* **Exercise**
For each record here, output an exact copy.
........
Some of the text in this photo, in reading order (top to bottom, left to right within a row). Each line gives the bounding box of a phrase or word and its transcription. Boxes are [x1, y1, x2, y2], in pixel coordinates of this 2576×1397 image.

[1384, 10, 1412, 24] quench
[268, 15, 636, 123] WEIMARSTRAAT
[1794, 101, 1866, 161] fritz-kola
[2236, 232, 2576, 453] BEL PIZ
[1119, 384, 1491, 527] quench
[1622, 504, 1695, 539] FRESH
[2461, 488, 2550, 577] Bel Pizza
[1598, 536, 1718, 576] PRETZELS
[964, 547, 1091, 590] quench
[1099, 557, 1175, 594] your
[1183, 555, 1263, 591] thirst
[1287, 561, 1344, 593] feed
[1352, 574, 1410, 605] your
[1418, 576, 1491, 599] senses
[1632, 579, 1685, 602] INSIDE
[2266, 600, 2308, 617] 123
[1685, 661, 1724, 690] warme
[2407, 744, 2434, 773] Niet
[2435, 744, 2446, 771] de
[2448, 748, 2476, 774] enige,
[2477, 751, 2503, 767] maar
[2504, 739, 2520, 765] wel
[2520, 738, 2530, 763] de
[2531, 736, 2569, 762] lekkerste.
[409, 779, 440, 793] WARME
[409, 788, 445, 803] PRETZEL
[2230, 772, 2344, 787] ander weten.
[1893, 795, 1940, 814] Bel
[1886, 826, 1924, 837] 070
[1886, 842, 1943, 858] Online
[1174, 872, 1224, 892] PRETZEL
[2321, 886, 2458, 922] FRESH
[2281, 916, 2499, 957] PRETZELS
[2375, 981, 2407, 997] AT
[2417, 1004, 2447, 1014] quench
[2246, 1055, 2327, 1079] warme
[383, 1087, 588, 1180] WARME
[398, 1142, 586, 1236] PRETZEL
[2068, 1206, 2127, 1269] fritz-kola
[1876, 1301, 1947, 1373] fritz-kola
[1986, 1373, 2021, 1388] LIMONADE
........
* **Problem solution**
Some of the text in this photo, in reading order (top to bottom, left to right within a row). Each line gives the bounding box of a phrase or word and its transcription. Boxes are [x1, y1, x2, y2], in pixel coordinates of this 2576×1397 image.

[1384, 10, 1412, 24] quench
[268, 15, 636, 123] WEIMARSTRAAT
[1794, 101, 1866, 161] fritz-kola
[2236, 232, 2576, 453] BEL PIZ
[1119, 384, 1491, 527] quench
[1622, 504, 1695, 539] FRESH
[2461, 488, 2550, 577] Bel Pizza
[1598, 536, 1718, 576] PRETZELS
[964, 547, 1091, 590] quench
[1099, 557, 1175, 594] your
[1183, 555, 1263, 591] thirst
[1287, 561, 1344, 593] feed
[1352, 574, 1410, 605] your
[1418, 576, 1491, 599] senses
[1632, 579, 1685, 602] INSIDE
[2266, 600, 2308, 617] 123
[1685, 661, 1724, 690] warme
[2407, 744, 2434, 773] Niet
[2435, 744, 2446, 771] de
[2448, 748, 2476, 774] enige,
[2477, 751, 2503, 767] maar
[2504, 739, 2520, 765] wel
[2520, 738, 2530, 763] de
[2531, 736, 2569, 762] lekkerste.
[409, 779, 440, 793] WARME
[409, 788, 445, 803] PRETZEL
[2230, 772, 2344, 787] ander weten.
[1893, 795, 1940, 814] Bel
[1886, 826, 1924, 837] 070
[1886, 842, 1943, 858] Online
[1174, 872, 1224, 892] PRETZEL
[2321, 886, 2458, 922] FRESH
[2281, 916, 2499, 957] PRETZELS
[2375, 981, 2407, 997] AT
[2417, 1004, 2447, 1014] quench
[2246, 1055, 2327, 1079] warme
[383, 1087, 588, 1180] WARME
[398, 1142, 586, 1236] PRETZEL
[2068, 1206, 2127, 1269] fritz-kola
[1876, 1301, 1947, 1373] fritz-kola
[1986, 1373, 2021, 1388] LIMONADE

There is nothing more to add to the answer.